Explain category of cyber crime.

Categories of Cyber Crime (With Simple Examples)

Cyber crime refers to illegal activities carried out using computers, networks, or the internet. For exam purposes, you can classify cyber crimes based on who or what is targeted and the attacker’s motive. Below are the most commonly accepted categories with clear examples.

1) Crimes Against Individuals (Person-centric)

  • Identity Theft: Stealing personal details (name, Aadhaar, banking info) to open accounts or commit fraud.
  • Phishing and Social Engineering: Tricking users via fake emails, messages, or calls to reveal passwords/OTPs.
  • Cyberstalking and Online Harassment: Persistent threatening messages, tracking, or abusive posts.
  • Financial Frauds: UPI/credit card frauds, fake shopping sites, lottery scams.
  • Doxing and Privacy Invasion: Publishing personal information without consent.
  • Non-consensual Content Sharing: Sharing private images or content to humiliate or blackmail.

2) Crimes Against Property and Data (Asset-centric)

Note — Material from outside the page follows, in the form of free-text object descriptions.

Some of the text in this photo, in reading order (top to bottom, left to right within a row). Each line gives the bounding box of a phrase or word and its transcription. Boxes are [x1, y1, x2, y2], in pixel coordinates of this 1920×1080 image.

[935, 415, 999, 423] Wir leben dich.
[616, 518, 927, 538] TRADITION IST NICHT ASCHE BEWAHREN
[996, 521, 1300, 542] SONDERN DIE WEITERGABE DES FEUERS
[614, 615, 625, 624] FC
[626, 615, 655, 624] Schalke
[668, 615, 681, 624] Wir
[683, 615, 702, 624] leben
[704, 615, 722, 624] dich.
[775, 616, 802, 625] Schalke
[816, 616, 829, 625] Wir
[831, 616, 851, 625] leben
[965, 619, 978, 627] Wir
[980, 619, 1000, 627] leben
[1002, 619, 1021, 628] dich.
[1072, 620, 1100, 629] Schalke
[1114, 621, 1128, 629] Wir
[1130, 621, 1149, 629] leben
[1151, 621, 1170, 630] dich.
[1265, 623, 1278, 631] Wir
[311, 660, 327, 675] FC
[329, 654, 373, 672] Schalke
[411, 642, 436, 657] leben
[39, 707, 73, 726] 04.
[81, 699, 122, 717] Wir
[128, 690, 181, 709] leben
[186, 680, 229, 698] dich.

  • Unauthorized Access (Hacking): Breaking into systems to view or alter data.
  • Malware Attacks: Viruses, worms, spyware, and ransomware that encrypts files and demands payment.
  • Data Theft and Intellectual Property Theft: Stealing source code, research data, trade secrets, or designs.
  • Software Piracy and Copyright Infringement: Distributing cracked software, movies, music, or e-books illegally.
  • Website Defacement and Data Tampering: Altering webpages or manipulating databases to cause loss or damage.

3) Crimes Against Organizations and Society

  • Denial of Service (DoS/DDoS): Flooding servers to take down company websites or services.
  • Business Email Compromise (BEC): Impersonating executives/vendors to divert payments.
  • Corporate Espionage and Insider Threats: Employees or attackers stealing confidential business information.
  • Supply Chain Attacks: Compromising a trusted vendor to infiltrate multiple organizations.
  • Large-scale Data Breaches: Exploiting vulnerabilities to leak customer or employee records.
  • Content-related Offenses: Spreading harmful, illegal, or disinformation content that impacts public order.

4) Crimes Against Government and Critical Infrastructure (State-centric)

  • Cyber Espionage: Stealing sensitive government data, defense information, or diplomatic communications.
  • Critical Infrastructure Attacks: Targeting power grids, transport, telecom, healthcare, or water systems.
  • Cyber Terrorism: Disrupting essential services or causing fear to achieve ideological goals.
  • Defacement of Government Portals: Altering official sites to spread propaganda or misinformation.

Emerging and Evolving Categories

  • IoT/OT Attacks: Exploiting smart devices, CCTV, or industrial control systems.
  • Mobile and SIM-swap Frauds: Hijacking mobile numbers to reset banking passwords and drain accounts.
  • Cloud and API Abuse: Stealing tokens/keys, misusing APIs, or misconfigurations to access cloud data.
  • Cryptocurrency Crimes: Crypto scams, rug pulls, cryptojacking (using your device to mine crypto), and wallet thefts.
  • AI-enabled Threats: Deepfakes, voice cloning, and synthetic identities to commit fraud or blackmail.

How to Remember for Exams

  • Group by target: individuals, property/data, organizations/society, government/critical infrastructure.
  • Motive is usually financial, ideological, or personal (revenge/curiosity).
  • Methods often overlap: phishing + malware + data theft can occur in a single incident.